**ACTIVITY**
Restate the listing below line for line and word for word, without the pictures.

»»

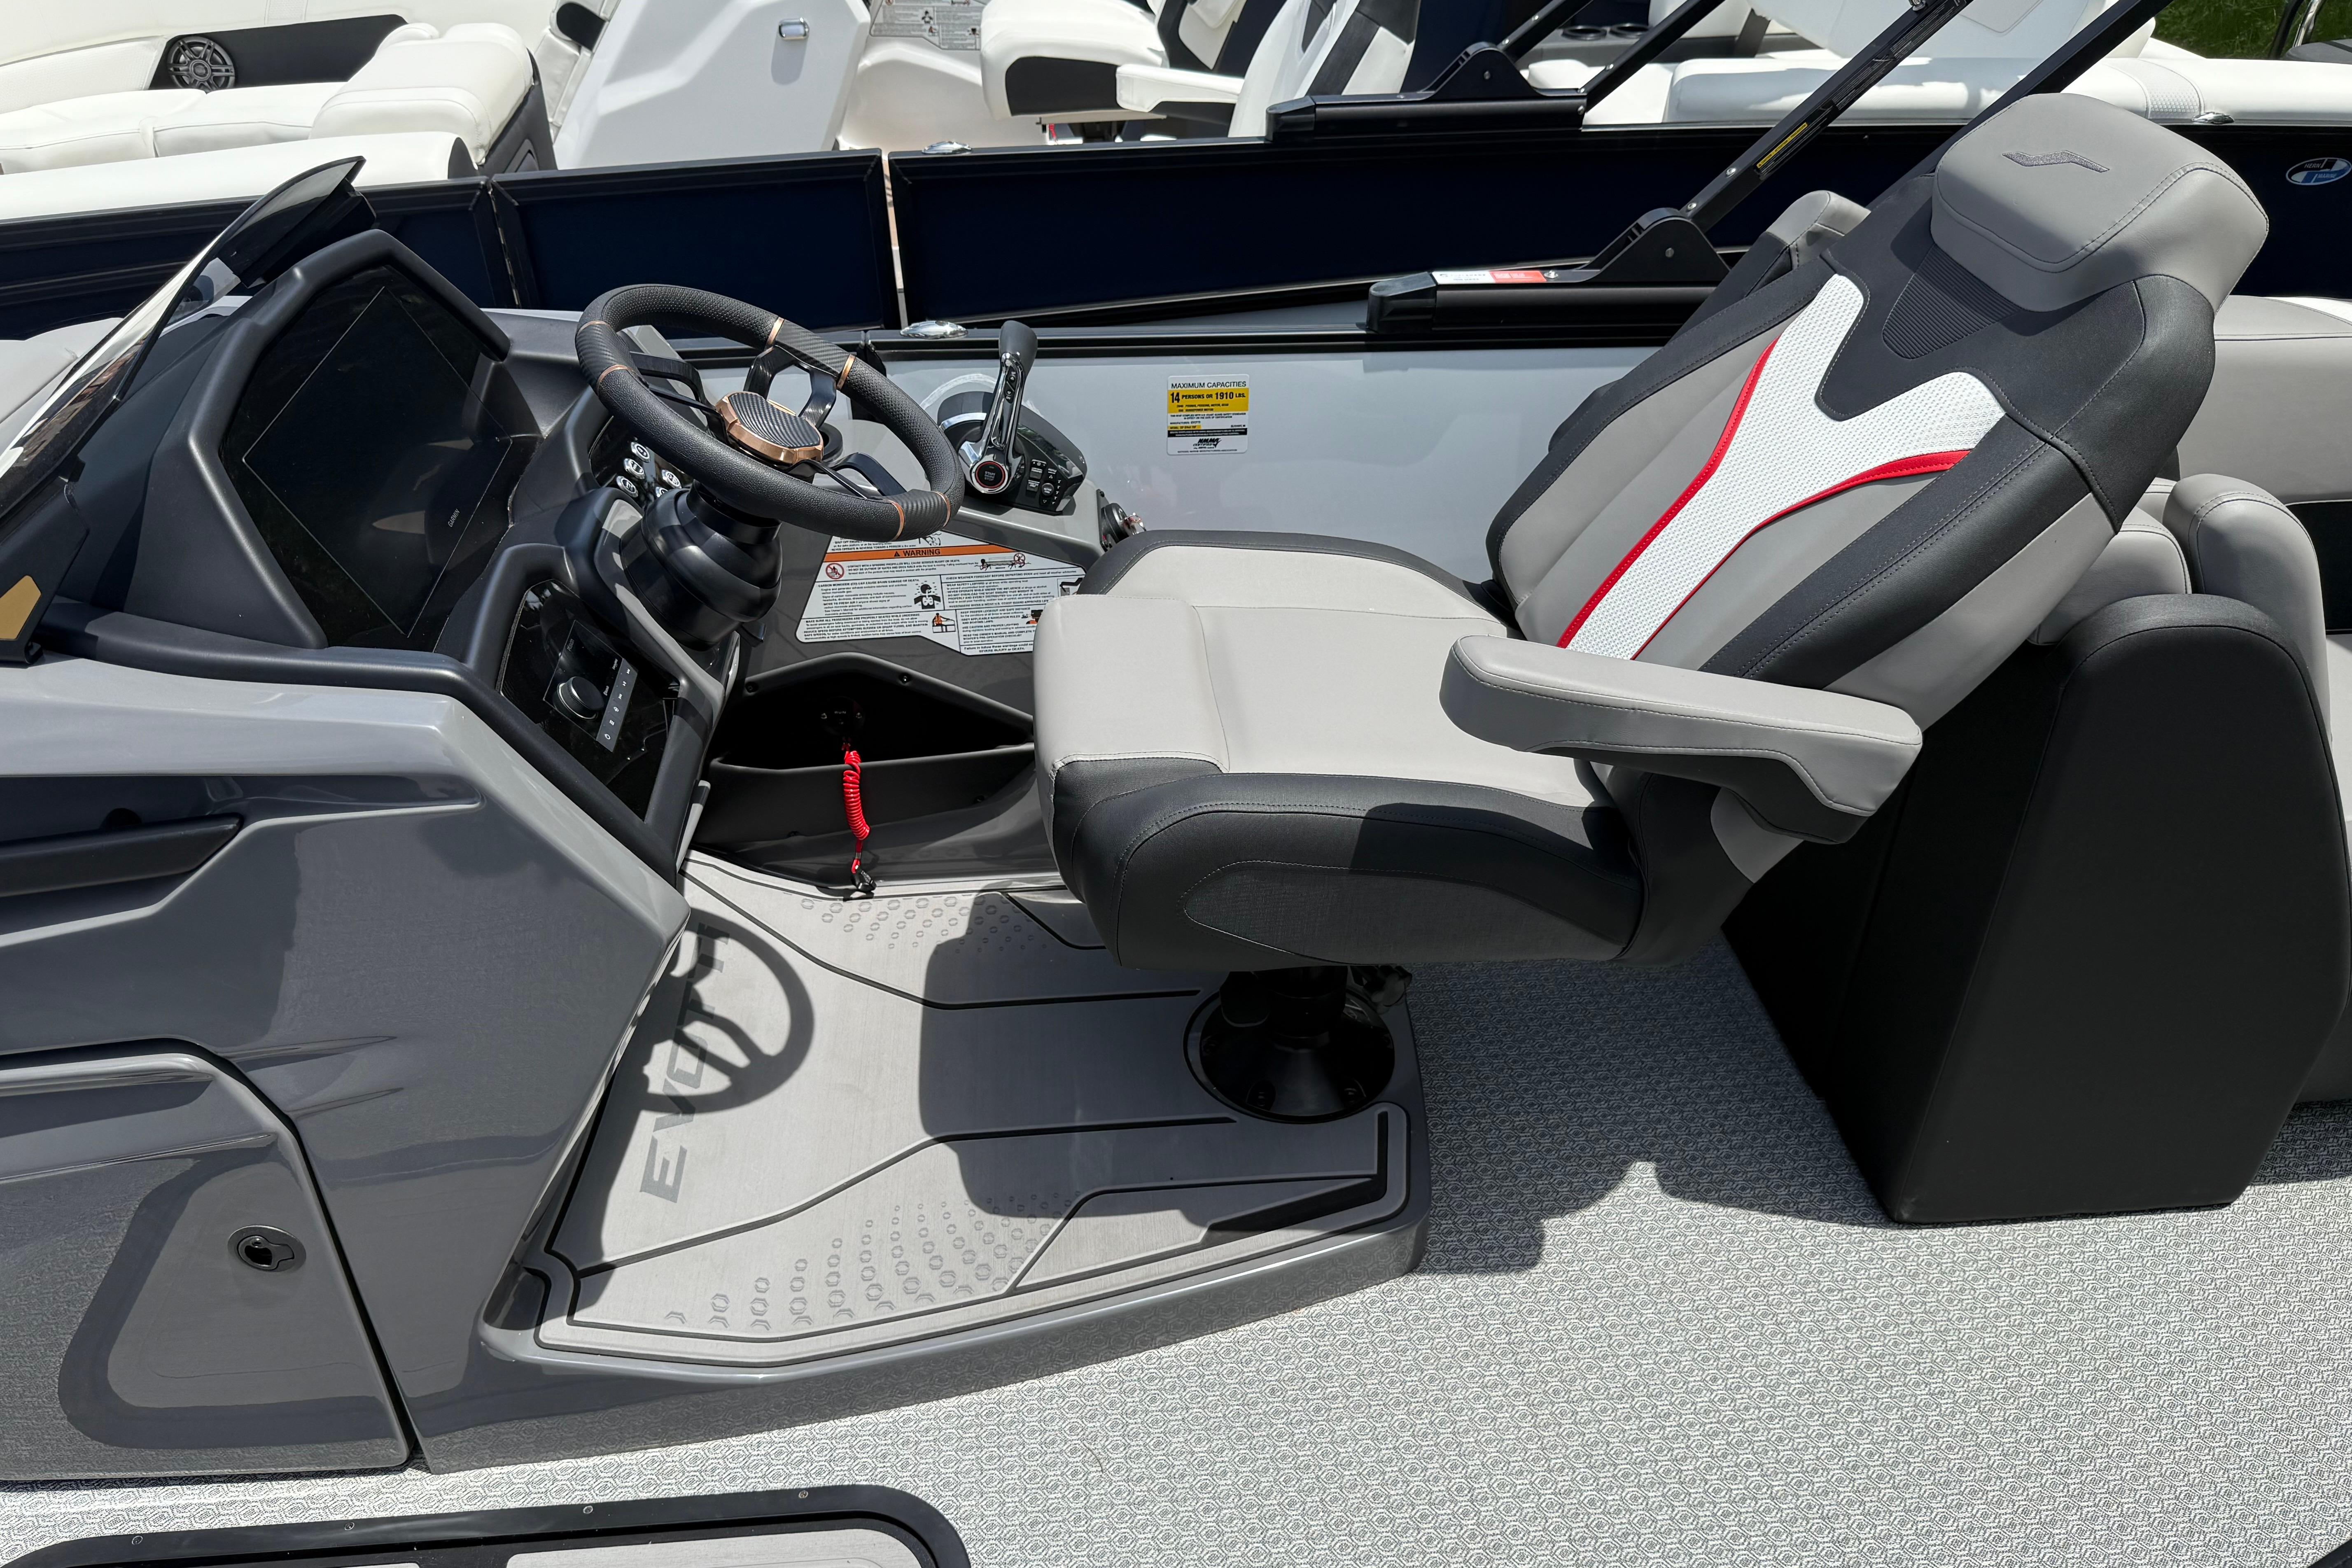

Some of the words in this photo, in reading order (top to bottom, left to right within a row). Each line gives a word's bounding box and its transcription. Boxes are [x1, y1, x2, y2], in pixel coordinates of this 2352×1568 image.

[1170, 392, 1180, 403] 14
[448, 508, 460, 527] GARMIN
[903, 548, 940, 557] WARNING
[640, 923, 730, 1204] EVOTTI

««

**TASK SOLUTION**
Some of the words in this photo, in reading order (top to bottom, left to right within a row). Each line gives a word's bounding box and its transcription. Boxes are [x1, y1, x2, y2], in pixel coordinates of this 2352×1568 image.

[1170, 392, 1180, 403] 14
[448, 508, 460, 527] GARMIN
[903, 548, 940, 557] WARNING
[640, 923, 730, 1204] EVOTTI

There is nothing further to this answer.